* Input *
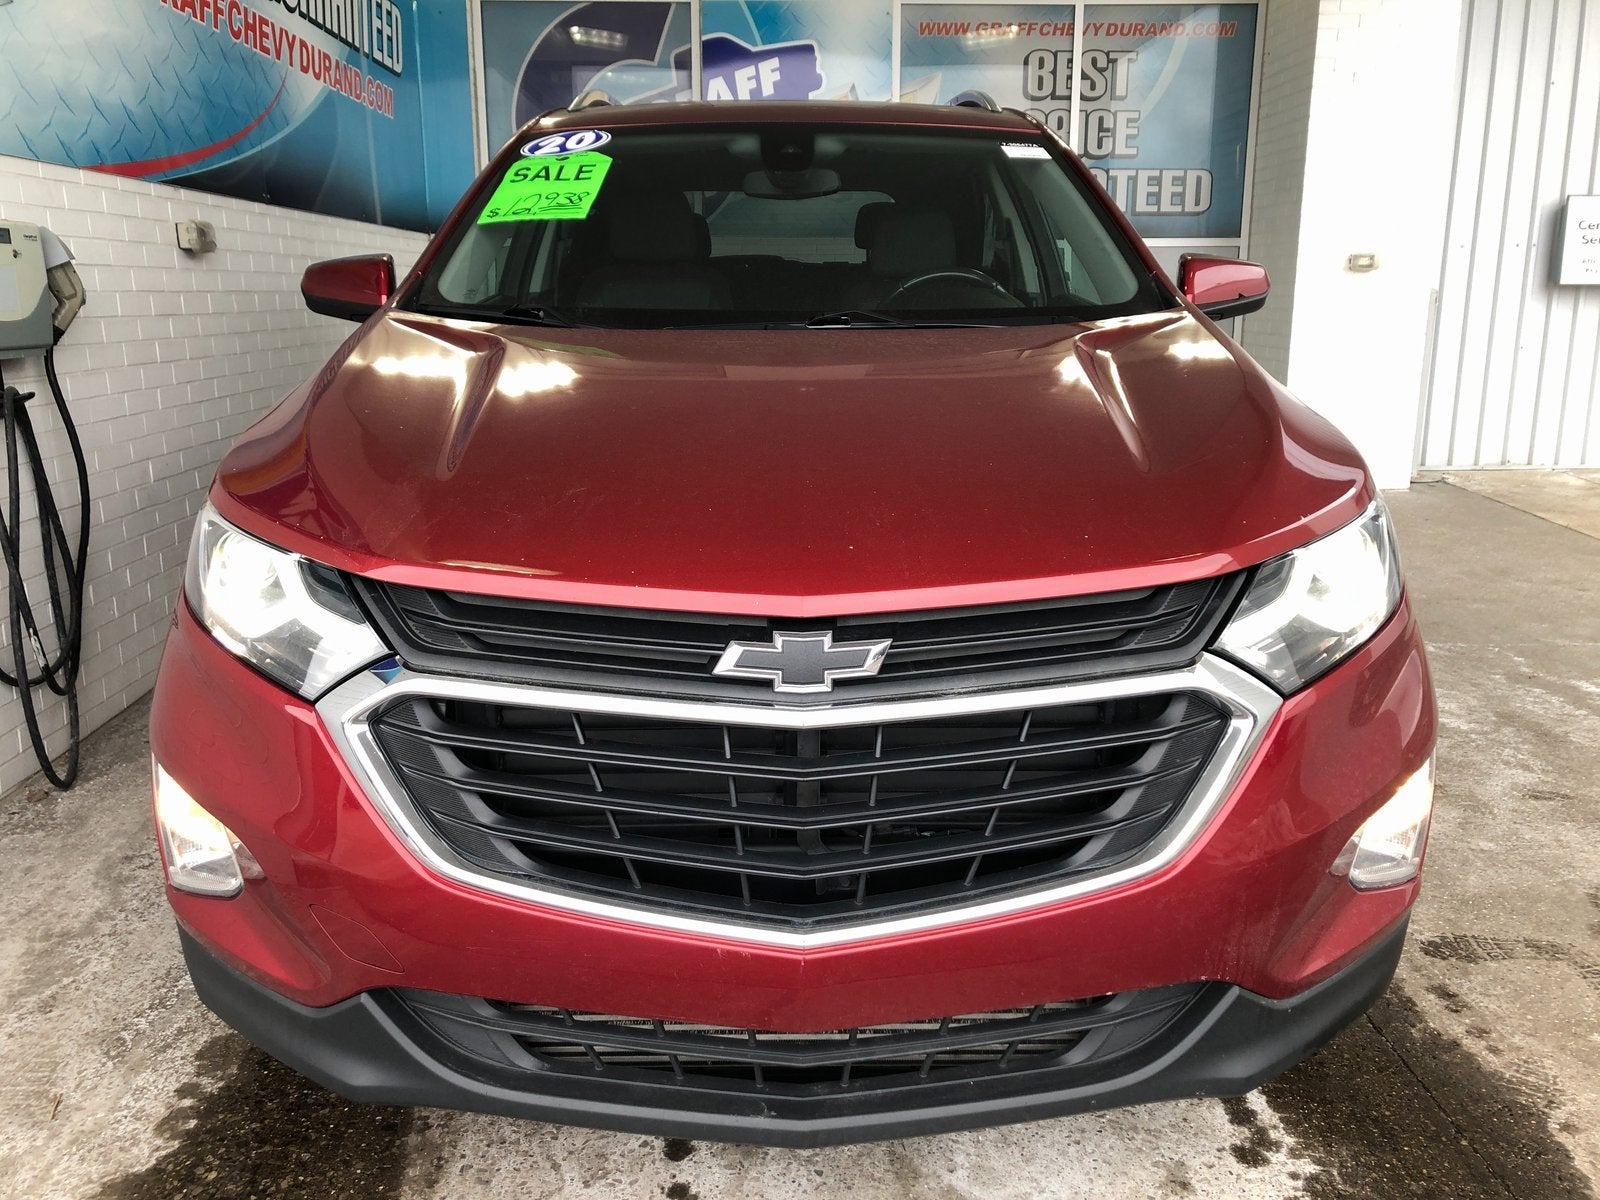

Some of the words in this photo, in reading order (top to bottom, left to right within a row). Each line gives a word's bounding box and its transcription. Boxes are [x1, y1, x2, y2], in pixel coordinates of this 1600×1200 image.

[918, 21, 1237, 37] WWWGRAFFCHEVYDURAND.COM
[1022, 49, 1138, 101] BEST
[533, 129, 598, 155] 20
[510, 163, 596, 183] SALE
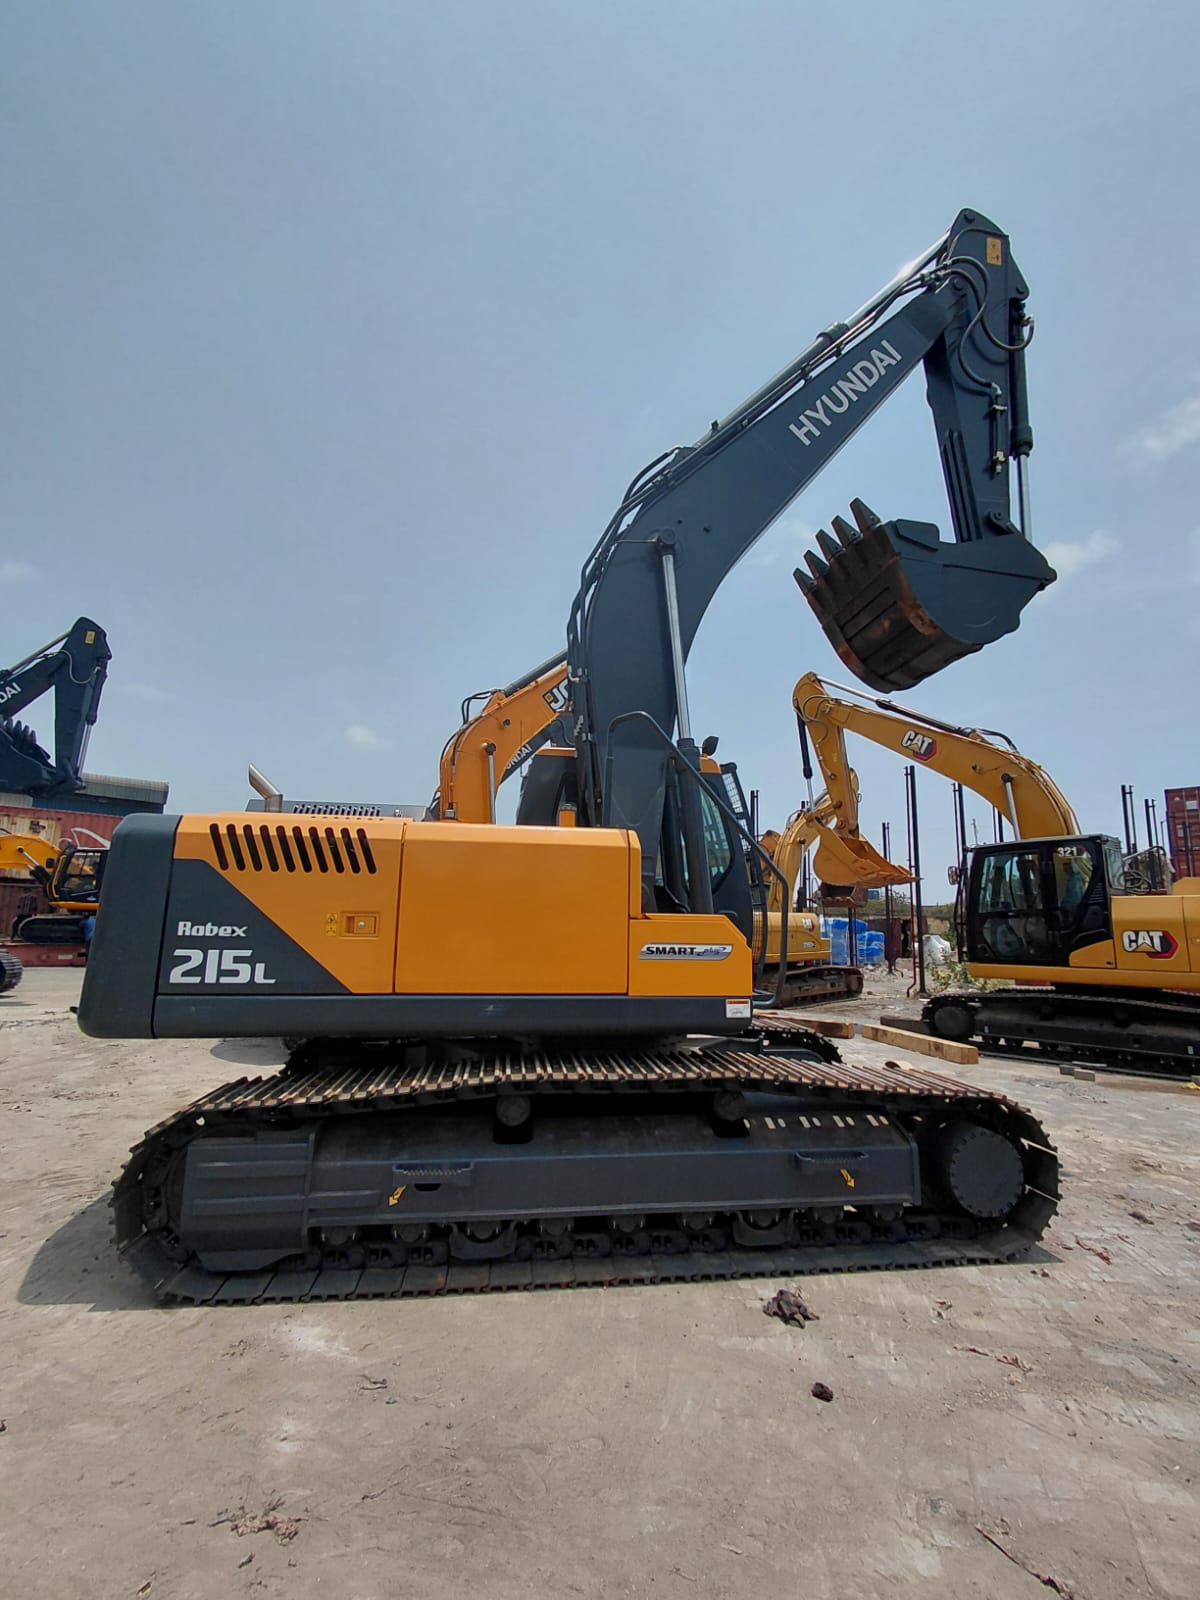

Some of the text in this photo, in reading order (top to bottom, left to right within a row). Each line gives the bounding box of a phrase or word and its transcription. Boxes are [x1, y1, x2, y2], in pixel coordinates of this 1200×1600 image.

* Exercise description *
The data must be reproduced exactly, and no picture may appear in the copy.

* Output of the exercise *
Some of the words in this photo, in reading order (top to bottom, left to right within a row). Each line gives a word's bounding box and its transcription. Boxes are [x1, y1, x2, y2], in pixel coordinates of this 1600×1200 image.

[918, 21, 1237, 37] WWWGRAFFCHEVYDURAND.COM
[1022, 49, 1138, 101] BEST
[533, 129, 598, 155] 20
[510, 163, 596, 183] SALE

Some of the text in this photo, in reading order (top to bottom, left to right within a row). Each line gives the bounding box of a phrase or word and its transcription. Boxes are [x1, y1, x2, y2], in pixel coordinates of this 1200×1600 image.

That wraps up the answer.